(Text-to-region grounding data)
● ● ● ●

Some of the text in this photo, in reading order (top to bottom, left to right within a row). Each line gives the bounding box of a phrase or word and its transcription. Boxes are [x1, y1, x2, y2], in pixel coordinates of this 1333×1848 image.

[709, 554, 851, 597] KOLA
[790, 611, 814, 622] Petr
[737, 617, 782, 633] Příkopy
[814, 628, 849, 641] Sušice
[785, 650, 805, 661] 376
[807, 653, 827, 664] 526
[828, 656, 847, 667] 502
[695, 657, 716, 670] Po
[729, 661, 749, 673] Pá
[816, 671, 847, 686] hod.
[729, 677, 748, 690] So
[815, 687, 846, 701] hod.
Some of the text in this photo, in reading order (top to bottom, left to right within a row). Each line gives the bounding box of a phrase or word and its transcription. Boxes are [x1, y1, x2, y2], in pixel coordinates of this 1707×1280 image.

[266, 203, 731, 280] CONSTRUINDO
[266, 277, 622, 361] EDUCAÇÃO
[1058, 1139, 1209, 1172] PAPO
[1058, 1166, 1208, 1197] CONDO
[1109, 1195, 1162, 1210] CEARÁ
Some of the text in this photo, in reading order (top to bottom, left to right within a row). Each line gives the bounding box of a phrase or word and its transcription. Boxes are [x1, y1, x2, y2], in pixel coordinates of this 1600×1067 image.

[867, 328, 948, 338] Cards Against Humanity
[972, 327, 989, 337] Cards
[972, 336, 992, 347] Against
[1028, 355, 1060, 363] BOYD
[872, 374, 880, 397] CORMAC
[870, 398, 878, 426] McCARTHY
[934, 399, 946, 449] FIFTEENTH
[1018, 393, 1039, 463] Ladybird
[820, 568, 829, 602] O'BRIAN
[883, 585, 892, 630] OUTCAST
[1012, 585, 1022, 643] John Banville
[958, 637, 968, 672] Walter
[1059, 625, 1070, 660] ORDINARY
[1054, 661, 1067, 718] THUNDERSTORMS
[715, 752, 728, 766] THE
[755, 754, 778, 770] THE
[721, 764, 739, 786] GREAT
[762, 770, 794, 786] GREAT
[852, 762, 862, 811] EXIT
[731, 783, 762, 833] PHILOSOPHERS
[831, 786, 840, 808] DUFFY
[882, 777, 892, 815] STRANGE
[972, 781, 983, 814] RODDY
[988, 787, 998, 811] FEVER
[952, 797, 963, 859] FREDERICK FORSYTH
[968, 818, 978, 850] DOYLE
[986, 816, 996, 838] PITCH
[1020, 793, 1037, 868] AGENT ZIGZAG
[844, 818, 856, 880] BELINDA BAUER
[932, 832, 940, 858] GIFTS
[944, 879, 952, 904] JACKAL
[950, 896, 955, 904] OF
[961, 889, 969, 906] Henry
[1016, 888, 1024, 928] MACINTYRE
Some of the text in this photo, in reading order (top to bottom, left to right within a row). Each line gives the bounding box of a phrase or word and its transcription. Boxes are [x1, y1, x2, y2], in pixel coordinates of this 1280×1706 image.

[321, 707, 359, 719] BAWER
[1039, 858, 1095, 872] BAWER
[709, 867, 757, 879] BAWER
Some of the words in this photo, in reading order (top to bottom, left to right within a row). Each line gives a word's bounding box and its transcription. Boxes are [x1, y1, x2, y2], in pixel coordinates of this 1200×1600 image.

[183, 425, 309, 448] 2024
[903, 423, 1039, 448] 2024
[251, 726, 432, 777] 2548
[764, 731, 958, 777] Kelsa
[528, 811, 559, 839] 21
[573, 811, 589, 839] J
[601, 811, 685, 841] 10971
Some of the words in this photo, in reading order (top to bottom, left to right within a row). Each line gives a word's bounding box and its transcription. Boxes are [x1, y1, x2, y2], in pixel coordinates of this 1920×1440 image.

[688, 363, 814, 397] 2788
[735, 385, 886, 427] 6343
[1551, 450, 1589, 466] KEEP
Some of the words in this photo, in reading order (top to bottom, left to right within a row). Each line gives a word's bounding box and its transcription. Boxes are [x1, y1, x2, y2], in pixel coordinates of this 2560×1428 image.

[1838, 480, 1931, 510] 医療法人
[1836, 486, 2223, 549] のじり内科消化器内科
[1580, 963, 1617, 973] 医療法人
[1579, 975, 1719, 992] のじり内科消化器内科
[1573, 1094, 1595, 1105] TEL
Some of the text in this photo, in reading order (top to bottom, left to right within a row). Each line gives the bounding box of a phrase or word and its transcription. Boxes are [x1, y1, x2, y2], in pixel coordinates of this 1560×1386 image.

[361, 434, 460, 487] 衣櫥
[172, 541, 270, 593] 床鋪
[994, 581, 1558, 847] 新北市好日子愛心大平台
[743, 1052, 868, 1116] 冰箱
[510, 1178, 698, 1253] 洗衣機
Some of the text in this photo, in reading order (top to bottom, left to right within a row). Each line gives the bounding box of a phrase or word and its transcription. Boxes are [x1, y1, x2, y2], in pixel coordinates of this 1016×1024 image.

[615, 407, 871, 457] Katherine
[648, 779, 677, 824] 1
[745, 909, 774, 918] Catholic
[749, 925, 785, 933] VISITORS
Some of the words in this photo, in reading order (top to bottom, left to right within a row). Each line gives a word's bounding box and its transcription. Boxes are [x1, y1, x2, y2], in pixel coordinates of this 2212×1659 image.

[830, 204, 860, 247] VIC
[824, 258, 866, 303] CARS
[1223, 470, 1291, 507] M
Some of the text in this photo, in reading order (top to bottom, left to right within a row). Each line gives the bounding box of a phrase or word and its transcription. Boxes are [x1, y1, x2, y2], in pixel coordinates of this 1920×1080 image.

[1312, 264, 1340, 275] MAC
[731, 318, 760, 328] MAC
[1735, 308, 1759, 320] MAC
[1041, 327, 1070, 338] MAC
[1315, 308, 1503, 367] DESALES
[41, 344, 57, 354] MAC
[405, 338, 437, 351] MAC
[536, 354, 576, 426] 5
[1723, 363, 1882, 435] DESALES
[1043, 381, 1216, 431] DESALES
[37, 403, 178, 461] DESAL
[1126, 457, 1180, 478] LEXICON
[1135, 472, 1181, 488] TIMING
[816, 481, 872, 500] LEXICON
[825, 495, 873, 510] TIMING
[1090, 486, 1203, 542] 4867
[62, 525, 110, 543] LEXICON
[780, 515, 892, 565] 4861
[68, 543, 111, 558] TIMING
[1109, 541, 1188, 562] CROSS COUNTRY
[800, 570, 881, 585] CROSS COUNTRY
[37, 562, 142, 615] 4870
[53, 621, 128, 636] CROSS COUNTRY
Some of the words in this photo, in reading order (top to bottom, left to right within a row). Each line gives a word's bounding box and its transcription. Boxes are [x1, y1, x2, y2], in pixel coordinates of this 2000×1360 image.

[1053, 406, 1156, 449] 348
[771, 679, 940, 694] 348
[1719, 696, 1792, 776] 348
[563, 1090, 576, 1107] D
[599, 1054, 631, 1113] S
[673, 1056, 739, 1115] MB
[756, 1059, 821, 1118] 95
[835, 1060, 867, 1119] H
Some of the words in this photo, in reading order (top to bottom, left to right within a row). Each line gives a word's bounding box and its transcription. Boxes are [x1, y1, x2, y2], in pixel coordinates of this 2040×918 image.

● ● ● ●

EXERCISE GOAL
Set down every record above, word for word.

RESPONSE
Some of the text in this photo, in reading order (top to bottom, left to right within a row). Each line gives the bounding box of a phrase or word and its transcription. Boxes are [x1, y1, x2, y2], in pixel coordinates of this 1333×1848 image.

[709, 554, 851, 597] KOLA
[790, 611, 814, 622] Petr
[737, 617, 782, 633] Příkopy
[814, 628, 849, 641] Sušice
[785, 650, 805, 661] 376
[807, 653, 827, 664] 526
[828, 656, 847, 667] 502
[695, 657, 716, 670] Po
[729, 661, 749, 673] Pá
[816, 671, 847, 686] hod.
[729, 677, 748, 690] So
[815, 687, 846, 701] hod.
Some of the text in this photo, in reading order (top to bottom, left to right within a row). Each line gives the bounding box of a phrase or word and its transcription. Boxes are [x1, y1, x2, y2], in pixel coordinates of this 1707×1280 image.

[266, 203, 731, 280] CONSTRUINDO
[266, 277, 622, 361] EDUCAÇÃO
[1058, 1139, 1209, 1172] PAPO
[1058, 1166, 1208, 1197] CONDO
[1109, 1195, 1162, 1210] CEARÁ
Some of the text in this photo, in reading order (top to bottom, left to right within a row). Each line gives the bounding box of a phrase or word and its transcription. Boxes are [x1, y1, x2, y2], in pixel coordinates of this 1600×1067 image.

[867, 328, 948, 338] Cards Against Humanity
[972, 327, 989, 337] Cards
[972, 336, 992, 347] Against
[1028, 355, 1060, 363] BOYD
[872, 374, 880, 397] CORMAC
[870, 398, 878, 426] McCARTHY
[934, 399, 946, 449] FIFTEENTH
[1018, 393, 1039, 463] Ladybird
[820, 568, 829, 602] O'BRIAN
[883, 585, 892, 630] OUTCAST
[1012, 585, 1022, 643] John Banville
[958, 637, 968, 672] Walter
[1059, 625, 1070, 660] ORDINARY
[1054, 661, 1067, 718] THUNDERSTORMS
[715, 752, 728, 766] THE
[755, 754, 778, 770] THE
[721, 764, 739, 786] GREAT
[762, 770, 794, 786] GREAT
[852, 762, 862, 811] EXIT
[731, 783, 762, 833] PHILOSOPHERS
[831, 786, 840, 808] DUFFY
[882, 777, 892, 815] STRANGE
[972, 781, 983, 814] RODDY
[988, 787, 998, 811] FEVER
[952, 797, 963, 859] FREDERICK FORSYTH
[968, 818, 978, 850] DOYLE
[986, 816, 996, 838] PITCH
[1020, 793, 1037, 868] AGENT ZIGZAG
[844, 818, 856, 880] BELINDA BAUER
[932, 832, 940, 858] GIFTS
[944, 879, 952, 904] JACKAL
[950, 896, 955, 904] OF
[961, 889, 969, 906] Henry
[1016, 888, 1024, 928] MACINTYRE
Some of the text in this photo, in reading order (top to bottom, left to right within a row). Each line gives the bounding box of a phrase or word and its transcription. Boxes are [x1, y1, x2, y2], in pixel coordinates of this 1280×1706 image.

[321, 707, 359, 719] BAWER
[1039, 858, 1095, 872] BAWER
[709, 867, 757, 879] BAWER
Some of the words in this photo, in reading order (top to bottom, left to right within a row). Each line gives a word's bounding box and its transcription. Boxes are [x1, y1, x2, y2], in pixel coordinates of this 1200×1600 image.

[183, 425, 309, 448] 2024
[903, 423, 1039, 448] 2024
[251, 726, 432, 777] 2548
[764, 731, 958, 777] Kelsa
[528, 811, 559, 839] 21
[573, 811, 589, 839] J
[601, 811, 685, 841] 10971
Some of the words in this photo, in reading order (top to bottom, left to right within a row). Each line gives a word's bounding box and its transcription. Boxes are [x1, y1, x2, y2], in pixel coordinates of this 1920×1440 image.

[688, 363, 814, 397] 2788
[735, 385, 886, 427] 6343
[1551, 450, 1589, 466] KEEP
Some of the words in this photo, in reading order (top to bottom, left to right within a row). Each line gives a word's bounding box and its transcription. Boxes are [x1, y1, x2, y2], in pixel coordinates of this 2560×1428 image.

[1838, 480, 1931, 510] 医療法人
[1836, 486, 2223, 549] のじり内科消化器内科
[1580, 963, 1617, 973] 医療法人
[1579, 975, 1719, 992] のじり内科消化器内科
[1573, 1094, 1595, 1105] TEL
Some of the text in this photo, in reading order (top to bottom, left to right within a row). Each line gives the bounding box of a phrase or word and its transcription. Boxes are [x1, y1, x2, y2], in pixel coordinates of this 1560×1386 image.

[361, 434, 460, 487] 衣櫥
[172, 541, 270, 593] 床鋪
[994, 581, 1558, 847] 新北市好日子愛心大平台
[743, 1052, 868, 1116] 冰箱
[510, 1178, 698, 1253] 洗衣機
Some of the text in this photo, in reading order (top to bottom, left to right within a row). Each line gives the bounding box of a phrase or word and its transcription. Boxes are [x1, y1, x2, y2], in pixel coordinates of this 1016×1024 image.

[615, 407, 871, 457] Katherine
[648, 779, 677, 824] 1
[745, 909, 774, 918] Catholic
[749, 925, 785, 933] VISITORS
Some of the words in this photo, in reading order (top to bottom, left to right within a row). Each line gives a word's bounding box and its transcription. Boxes are [x1, y1, x2, y2], in pixel coordinates of this 2212×1659 image.

[830, 204, 860, 247] VIC
[824, 258, 866, 303] CARS
[1223, 470, 1291, 507] M
Some of the text in this photo, in reading order (top to bottom, left to right within a row). Each line gives the bounding box of a phrase or word and its transcription. Boxes are [x1, y1, x2, y2], in pixel coordinates of this 1920×1080 image.

[1312, 264, 1340, 275] MAC
[731, 318, 760, 328] MAC
[1735, 308, 1759, 320] MAC
[1041, 327, 1070, 338] MAC
[1315, 308, 1503, 367] DESALES
[41, 344, 57, 354] MAC
[405, 338, 437, 351] MAC
[536, 354, 576, 426] 5
[1723, 363, 1882, 435] DESALES
[1043, 381, 1216, 431] DESALES
[37, 403, 178, 461] DESAL
[1126, 457, 1180, 478] LEXICON
[1135, 472, 1181, 488] TIMING
[816, 481, 872, 500] LEXICON
[825, 495, 873, 510] TIMING
[1090, 486, 1203, 542] 4867
[62, 525, 110, 543] LEXICON
[780, 515, 892, 565] 4861
[68, 543, 111, 558] TIMING
[1109, 541, 1188, 562] CROSS COUNTRY
[800, 570, 881, 585] CROSS COUNTRY
[37, 562, 142, 615] 4870
[53, 621, 128, 636] CROSS COUNTRY
Some of the words in this photo, in reading order (top to bottom, left to right within a row). Each line gives a word's bounding box and its transcription. Boxes are [x1, y1, x2, y2], in pixel coordinates of this 2000×1360 image.

[1053, 406, 1156, 449] 348
[771, 679, 940, 694] 348
[1719, 696, 1792, 776] 348
[563, 1090, 576, 1107] D
[599, 1054, 631, 1113] S
[673, 1056, 739, 1115] MB
[756, 1059, 821, 1118] 95
[835, 1060, 867, 1119] H
Some of the words in this photo, in reading order (top to bottom, left to right within a row). Each line gives a word's bounding box and its transcription. Boxes are [x1, y1, x2, y2], in pixel coordinates of this 2040×918 image.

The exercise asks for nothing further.